Gonostyli of male. Imaginal gonostyli with characteristic species-specific shape (Fig. 10d, e; Ulmer 1924: fig. 25): unistyliger (wrongly called 'Glied I’ in Ulmer 1924) cylindrical, somewhat narrowed at middle; segment I of gonostylus (wrongly called 'Glied II’ in Ulmer 1924) with projected blunt angle proximad of its middle; segment III of gonostylus (wrongly called 'Glied IV’ in Ulmer 1924) short and triangular, i.e., apically widened and truncate.

N.B. When developing subimaginal gonostyli are bent under the larval cuticle, segment II of gonostylus is bent medially (as in other Baetofemorata), and segment III is sharply bent laterally, that is a peculiar feature of Branchiobaetis gen. nov. (Fig. 10a, b). In subimago freed from the larval cuticle, gonostyli retain features of their previous pose under larval cuticle, with segments II sharply bent medially and segments III somewhat bent laterally (Fig. 10c); the species-specific shape of segment III is present in imaginal stage only (Fig. 10d, e). A paradoxical feature is that segment III starts to develop as unusually long (Fig. 10a), later it is bent and pressed to the 2nd segment (Fig. 10b), while subsequently it becomes shorter (Fig. 10c, d).

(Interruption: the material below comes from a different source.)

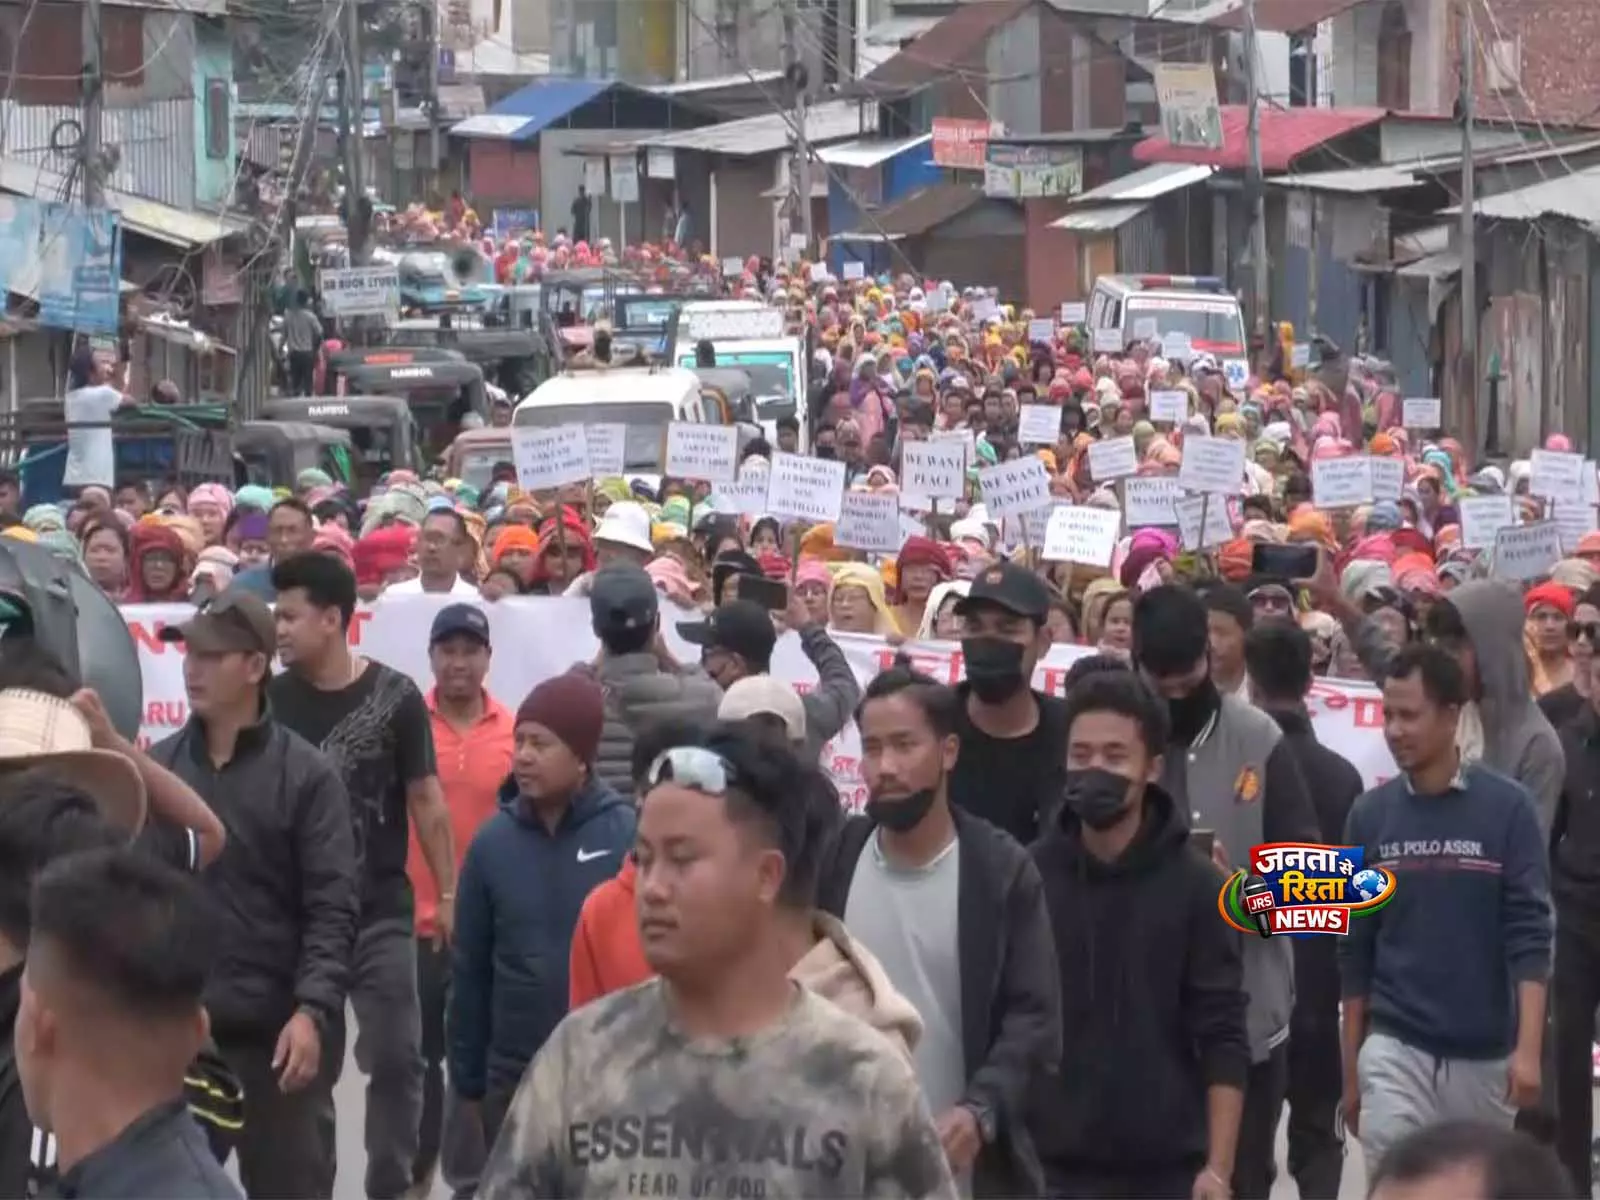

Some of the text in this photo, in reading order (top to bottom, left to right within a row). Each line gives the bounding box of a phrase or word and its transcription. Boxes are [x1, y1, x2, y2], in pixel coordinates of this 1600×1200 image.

Internal parts of male genitalia. Sterno-styligeral muscle developed, but slender; gonovectes S-shaped, i.e., arched, with apices curved cranially (Fig. 10f).

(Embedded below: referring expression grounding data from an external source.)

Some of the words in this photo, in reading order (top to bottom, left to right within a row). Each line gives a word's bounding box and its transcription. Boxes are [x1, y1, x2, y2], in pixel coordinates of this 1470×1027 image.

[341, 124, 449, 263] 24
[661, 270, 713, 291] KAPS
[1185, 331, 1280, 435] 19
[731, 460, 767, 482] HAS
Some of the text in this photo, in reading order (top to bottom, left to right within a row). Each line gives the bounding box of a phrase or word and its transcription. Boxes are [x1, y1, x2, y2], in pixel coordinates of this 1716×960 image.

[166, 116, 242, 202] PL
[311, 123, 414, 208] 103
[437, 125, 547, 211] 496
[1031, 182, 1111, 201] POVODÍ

Egg (Fig. 11a-d). Eggs irregularly oval, with irregularly situated shallow cavities, and surface of chorion rugose.

Dimension . Size rather variable: fore wing length of male and female (and the general body length) varies from 6 mm to 10 mm; females usually larger than males.

Larval habitat.

Tergalii unable for rhythmical respiratory movements (as in other Baetungulata), and larvae are unable to live for a long time in stagnant water. Larvae are most abundant in fast streams with cold water.

Distribution

(Fig. 27b). Indonesia: Java, Lombok; B. cf. javanicus comb. nov. Indonesia: Sumatra, Bali, Sumba, Sumbawa, Flores.